SpaceX aims to raise record $75 bn in stock market debut

Elon Musk’s aerospace and satellite technology powerhouse SpaceX has unveiled plans for a record-breaking initial public offering (IPO), seeking to raise roughly $75 billion that would catapult the company to a $1.765 trillion valuation, according to a regulatory filing submitted by the firm on Wednesday.

Under the terms of the offering, the company will put 555,555,555 shares up for sale at an opening price of $135 per share. If the offering closes successfully, SpaceX will blow past the previous global IPO fundraising record set by Saudi energy giant Saudi Aramco, which pulled in $25.6 billion when it went public in 2019. With approximately 13 billion outstanding shares, the IPO pricing sets the firm’s full valuation at the $1.765 trillion mark.
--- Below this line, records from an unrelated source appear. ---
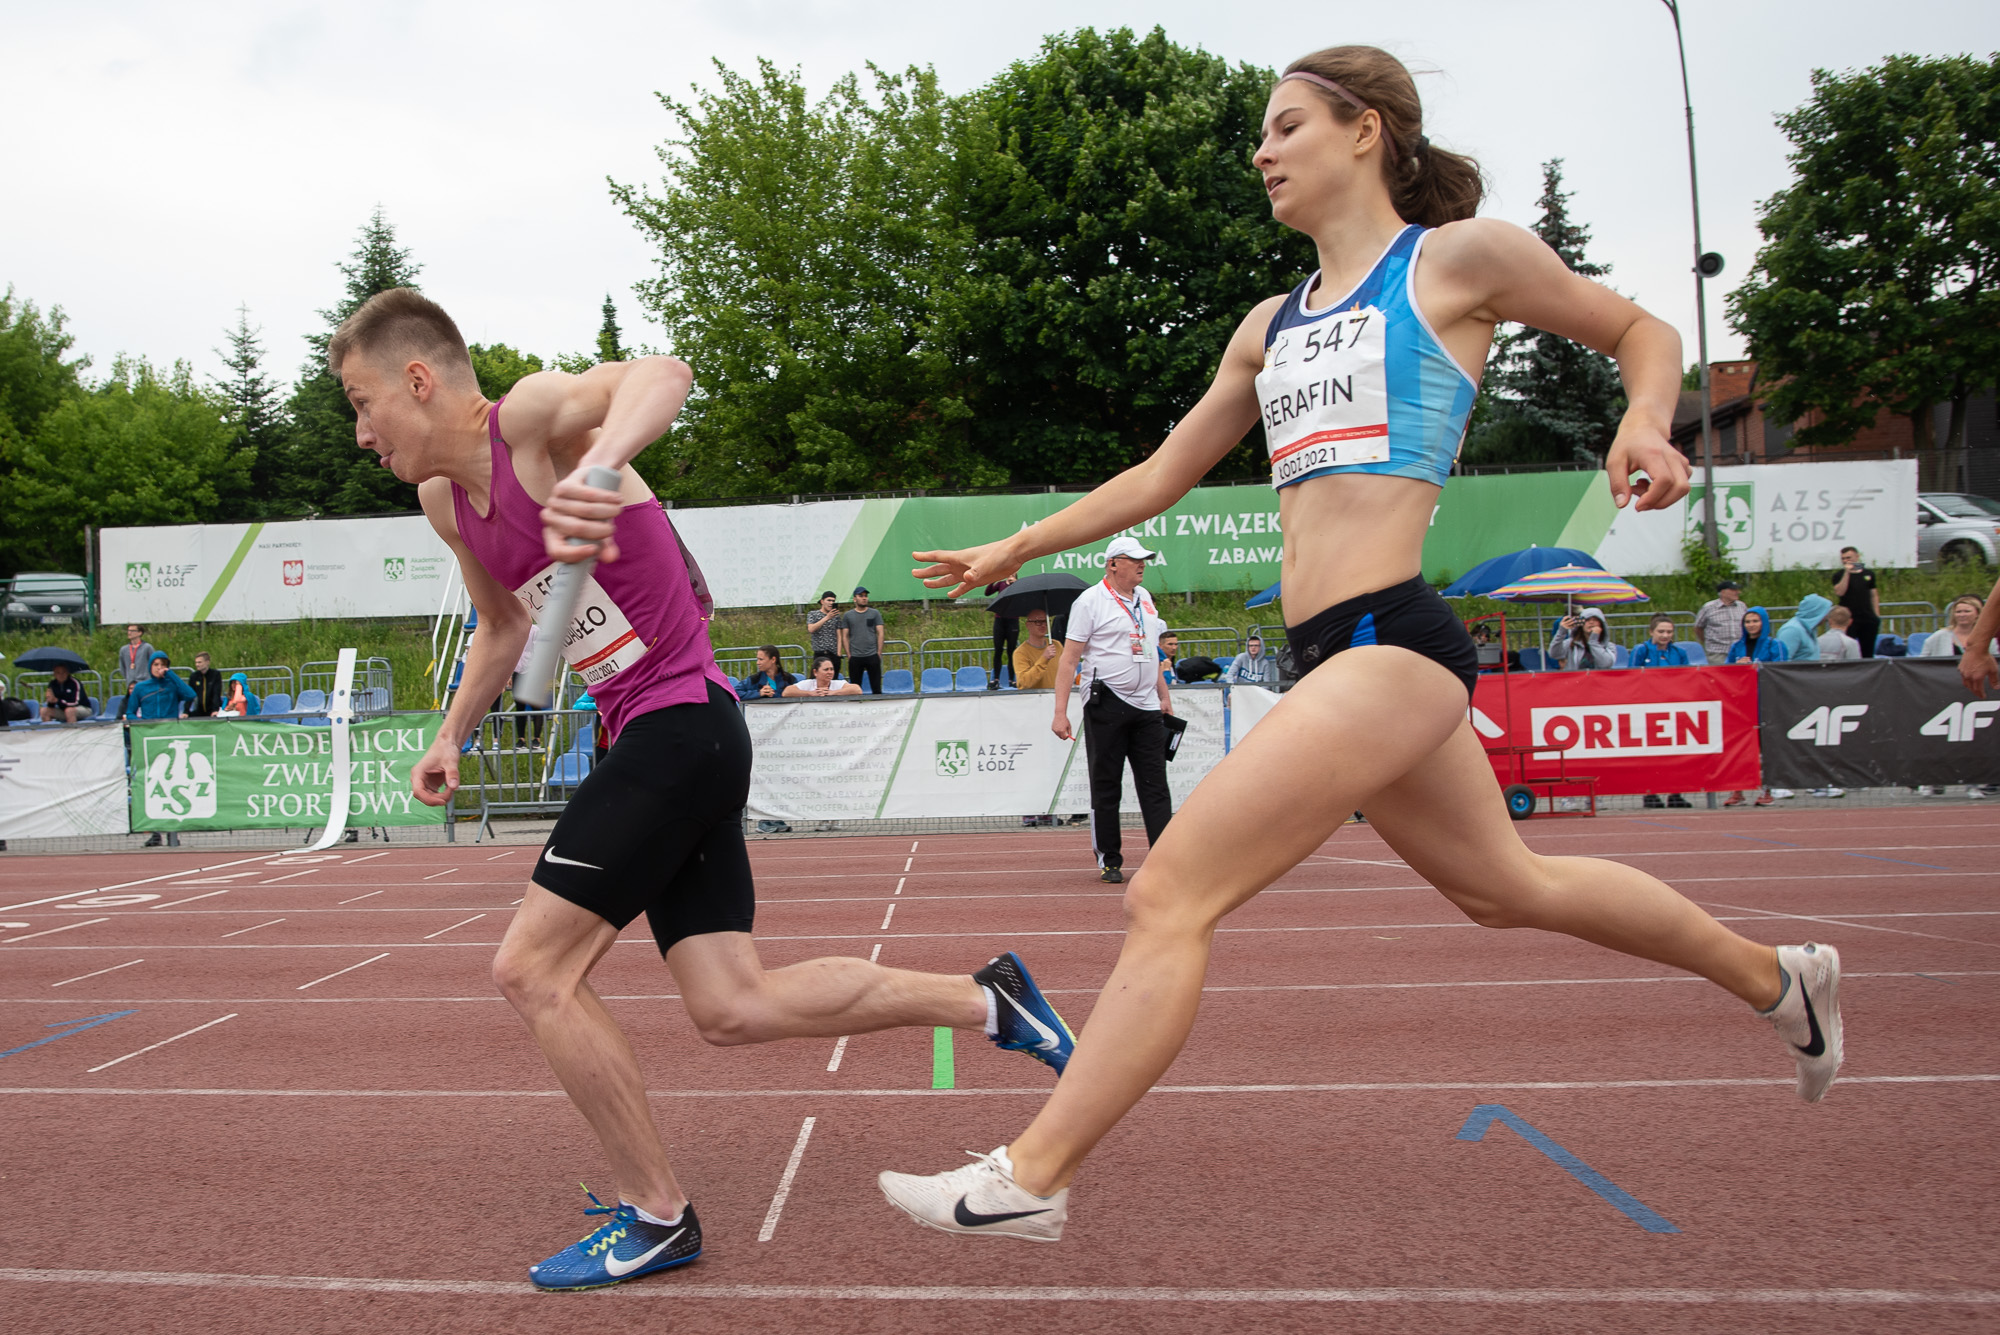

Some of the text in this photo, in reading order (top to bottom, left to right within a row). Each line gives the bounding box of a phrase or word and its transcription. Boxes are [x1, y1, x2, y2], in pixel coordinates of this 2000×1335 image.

[1304, 315, 1370, 363] 547
[1265, 374, 1353, 430] SERAFIN
[1304, 447, 1336, 469] 2021
[1771, 490, 1831, 512] AZS
[1175, 511, 1283, 541] ZWIĄZEK
[1769, 517, 1846, 543] ŁÓDŹ
[1208, 546, 1284, 565] ZABAWA
[157, 565, 180, 575] AZS
[599, 659, 620, 678] 2021
[839, 720, 877, 729] ZABAWA
[1543, 710, 1710, 749] ORLEN
[1788, 701, 2000, 745] 4F 4F
[792, 736, 829, 745] ZABAWA
[838, 736, 868, 745] SPORT
[759, 747, 894, 760] ATMOSFERA ZABAWA SPORT
[977, 744, 1007, 756] AZS
[755, 764, 786, 773] SPORT
[790, 763, 843, 772] ATMOSFERA
[848, 761, 886, 771] ZABAWA
[977, 758, 1015, 772] ŁÓDŹ
[781, 775, 811, 785] SPORT
[817, 775, 870, 784] ATMOSFERA
[769, 790, 822, 800] ATMOSFERA
[826, 789, 863, 799] ZABAWA
[796, 803, 850, 813] ATMOSFERA
Industry analysts note that the landmark listing could also make Musk — already the world’s wealthiest individual — the first person in history to reach a trillion-dollar net worth. The IPO comes amid a sweeping consolidation of Musk’s sprawling business empire. In February, SpaceX acquired Musk’s artificial intelligence startup xAI, which itself absorbed the X social platform, formerly known as Twitter, just 12 months earlier. Analysts widely project further consolidation by 2027, when they expect SpaceX to merge with Musk’s electric vehicle and clean energy firm Tesla, which has increasingly expanded its focus into robotics, grid energy storage and autonomous transport. The two companies already collaborate on major joint projects, including the Terafab facility, a massive semiconductor manufacturing plant currently in development.

One of SpaceX’s most mature revenue-driving businesses is its StarLink satellite broadband service, which launched commercial operations in 2020. The service upended the global satellite internet industry by delivering fast connectivity at a far lower price point than existing competing offerings, and now counts more than 10.3 million subscribers across 164 global markets. StarLink has drawn global attention for its deployment to critical users including Ukrainian military personnel amid the ongoing Russian invasion and Iranian pro-democracy protesters facing government internet shutdowns, and has emerged as a key consistent cash flow source for the capital-intensive aerospace firm.
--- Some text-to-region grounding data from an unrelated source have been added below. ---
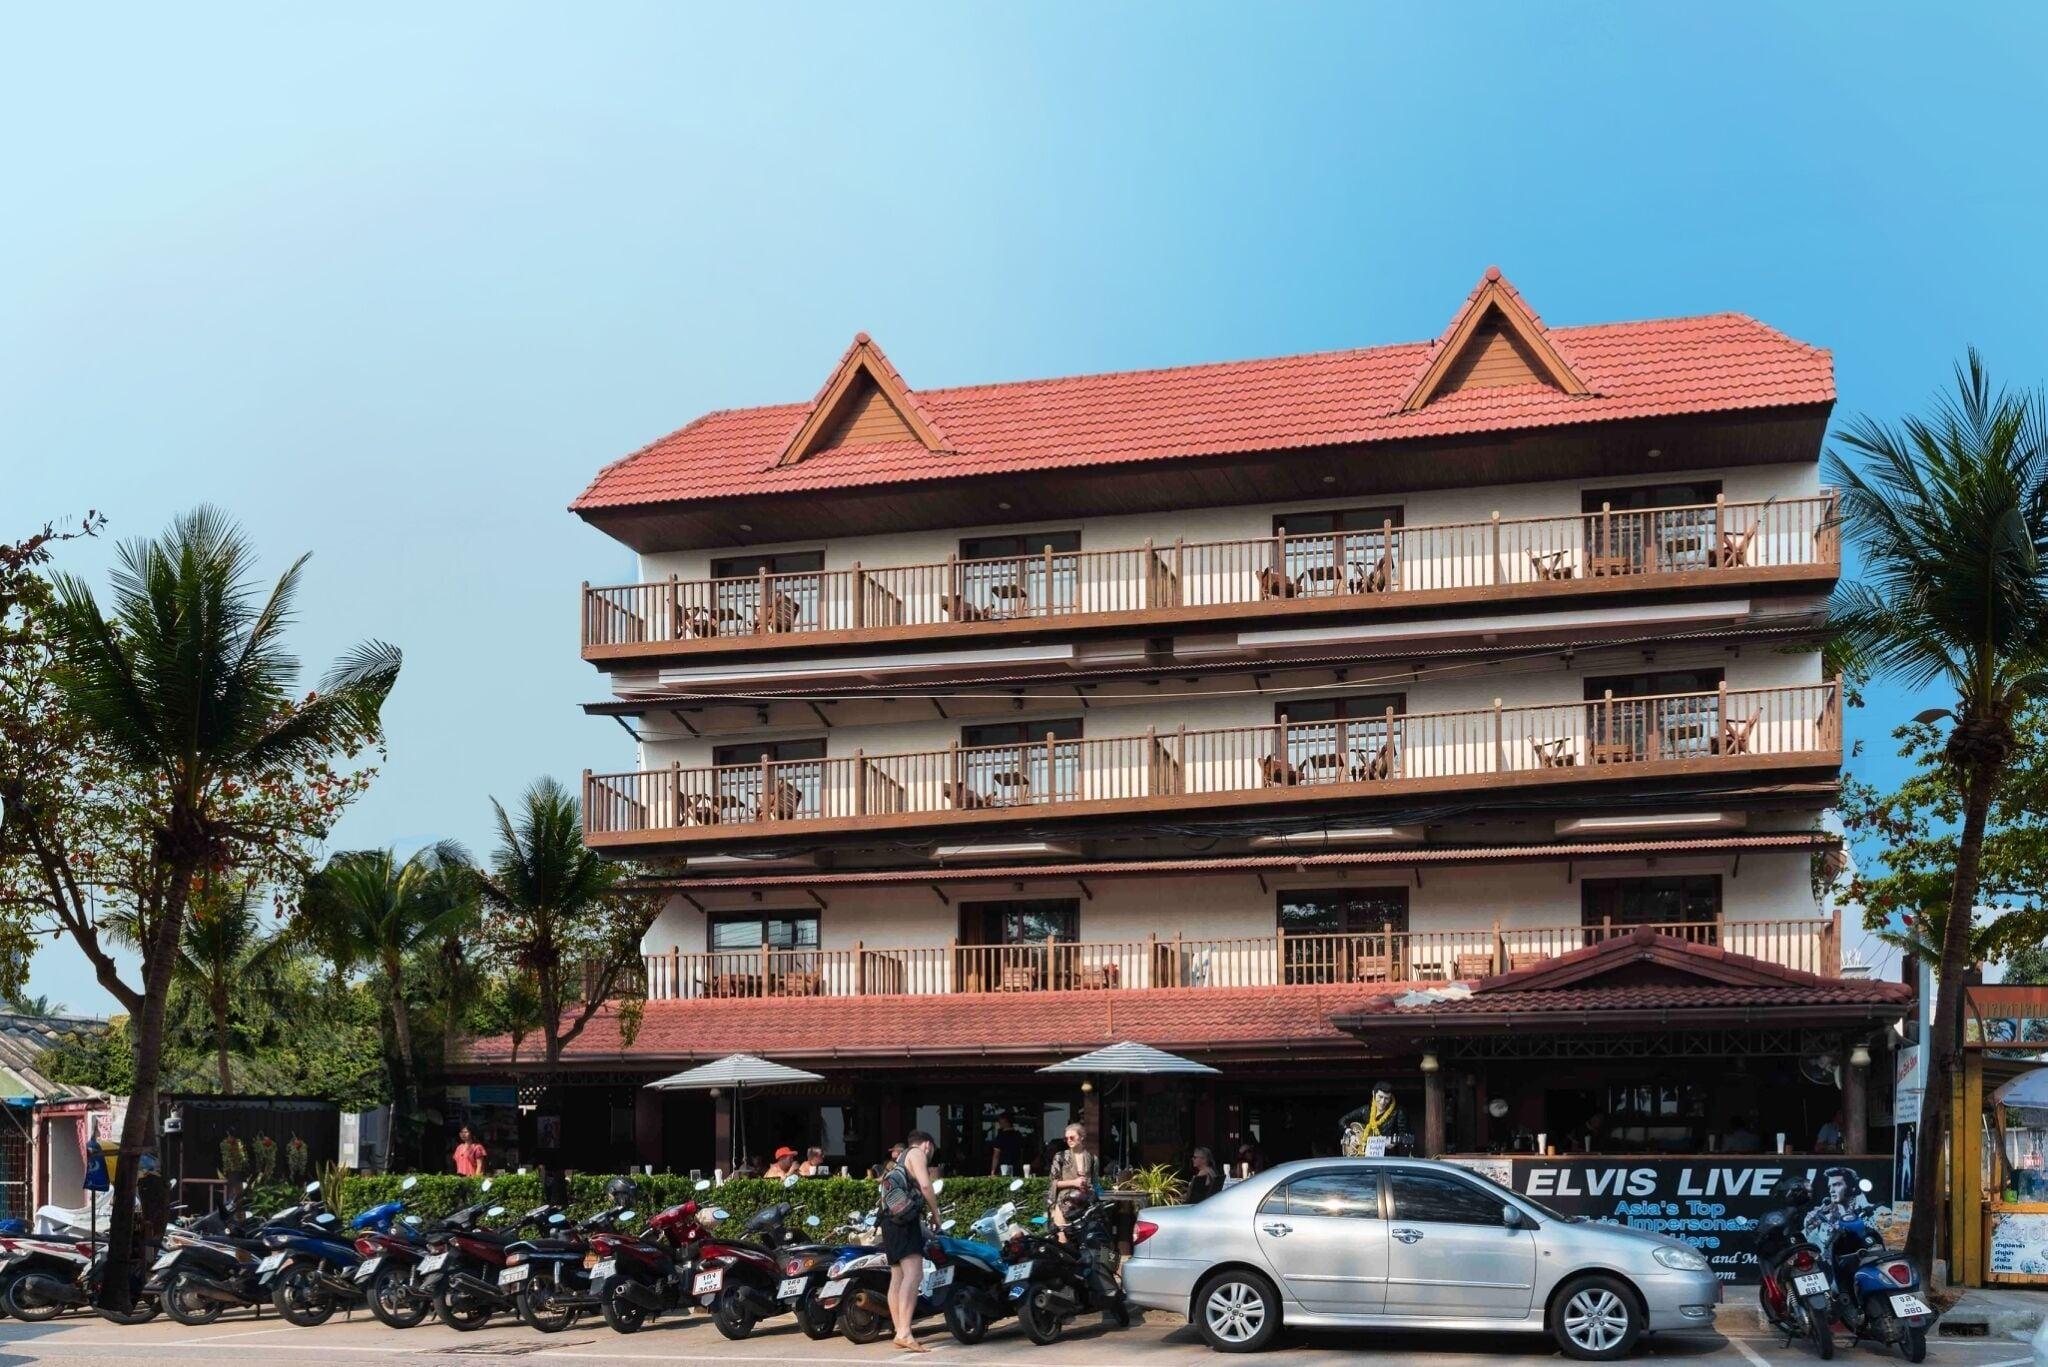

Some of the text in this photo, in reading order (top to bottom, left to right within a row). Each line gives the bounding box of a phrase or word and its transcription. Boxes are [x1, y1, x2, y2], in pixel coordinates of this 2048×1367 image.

[1525, 1168, 1658, 1196] ELVIS
[1677, 1168, 1783, 1196] LIVE
[1614, 1200, 1726, 1218] Asia's Top
[1628, 1215, 1760, 1233] Impersonao
[1711, 1251, 1742, 1264] and
[1904, 1306, 1922, 1315] 980
Beyond commercial satellite operations, SpaceX holds a central role in NASA’s Artemis program, the U.S. space agency’s initiative to return humans to the Moon for the first time since the historic Apollo missions more than 50 years ago. While the company was not involved in April’s Artemis II lunar flyby mission, it is developing a lunar lander alongside Blue Origin, founded by billionaire Jeff Bezos, for the program’s upcoming crewed landing target set for 2028. NASA plans to conduct in-orbit rendezvous tests between its core spacecraft and the new landers in 2027, ahead of the planned landing the following year, though agency officials acknowledge that timelines for the ambitious program are subject to adjustment.
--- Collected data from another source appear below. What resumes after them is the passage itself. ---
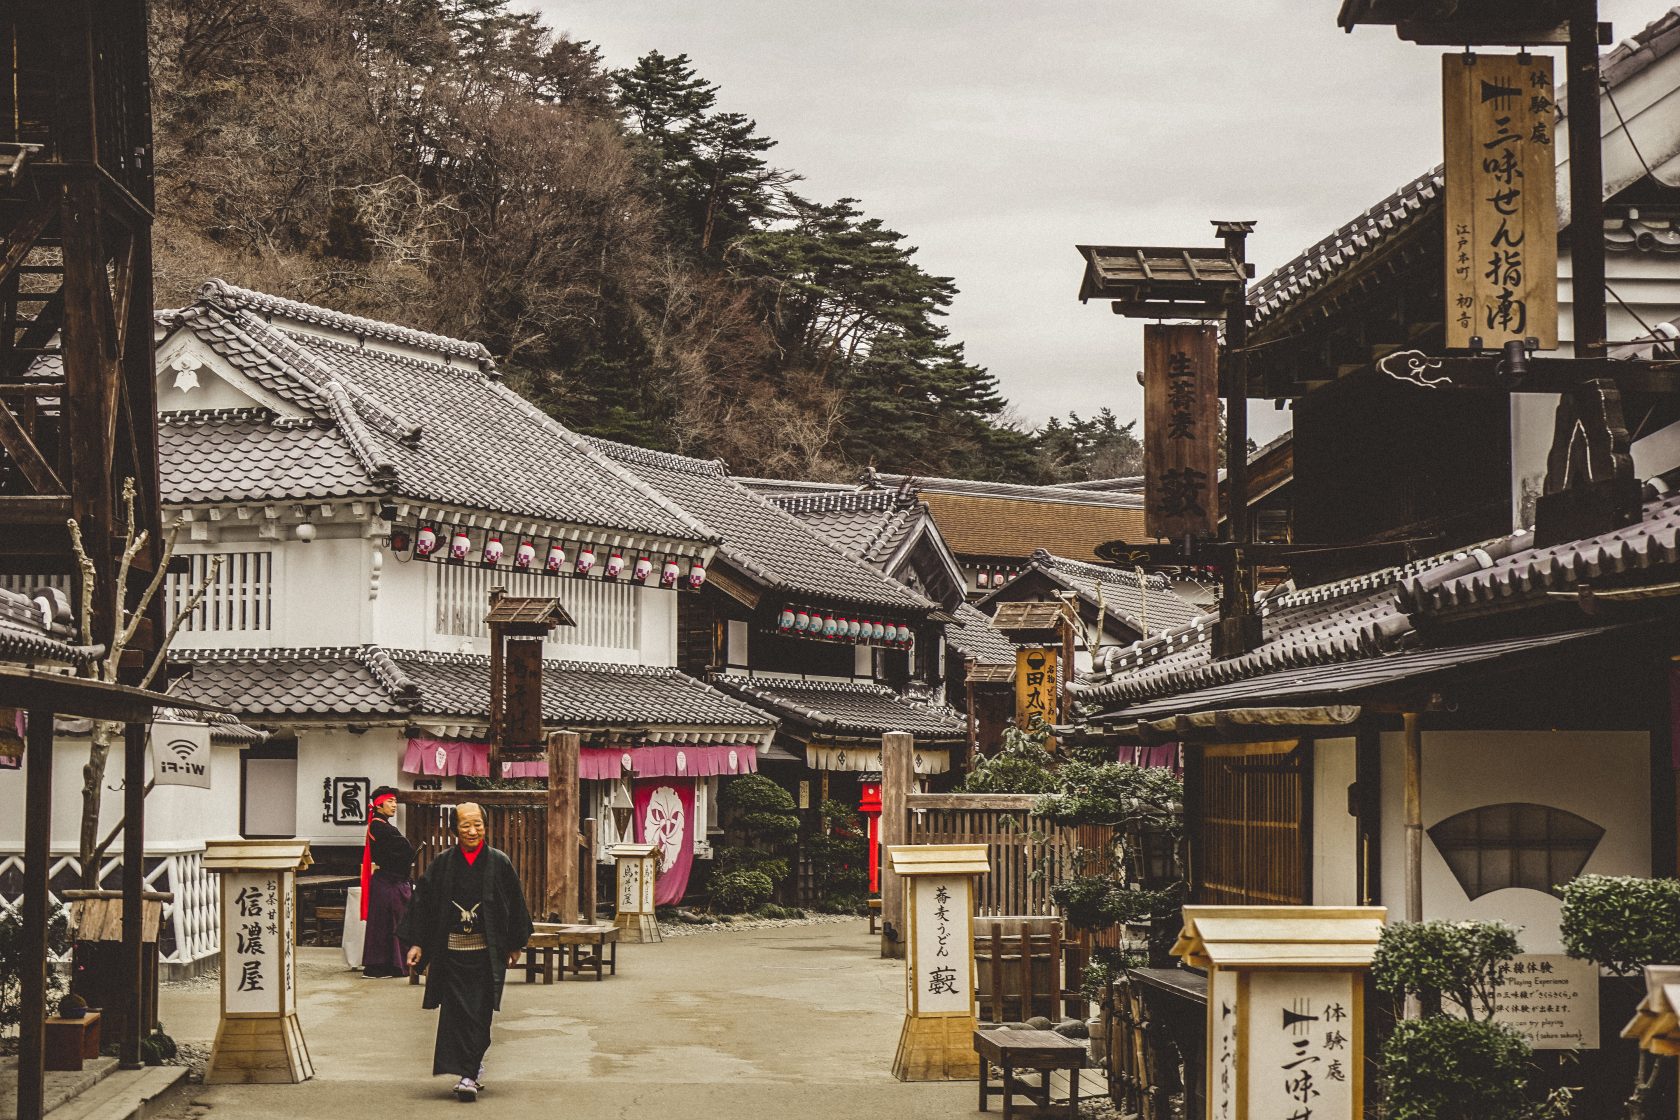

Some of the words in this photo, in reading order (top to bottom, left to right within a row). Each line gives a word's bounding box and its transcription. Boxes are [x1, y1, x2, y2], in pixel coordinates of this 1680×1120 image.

[1483, 116, 1526, 335] 三味せん指南
[235, 886, 266, 993] 信濃屋
[266, 880, 279, 936] お茶甘味
[934, 885, 952, 958] 蕎麦うどん
[1488, 961, 1554, 974] 味線体験
[1323, 1002, 1349, 1083] 体験處
SpaceX has also been open about its long-term goal of landing the first humans on Mars, with Musk’s executive compensation package tied to the goal of establishing a self-sustaining colony of one million people on the red planet. Musk has repeatedly framed the Mars colonization project as critical to ensuring the long-term survival of humanity as a species in the face of potential planetary catastrophic events.

Until SpaceX’s stock officially begins trading on public exchanges, direct share purchases will be limited to large institutional investors such as large banks and pension funds, as well as accredited high-net-worth individuals. By the time retail investors are able to buy shares on the open market, many of the early windfalls that turned early backers of tech startups into millionaires and billionaires may already be off the table, market observers note.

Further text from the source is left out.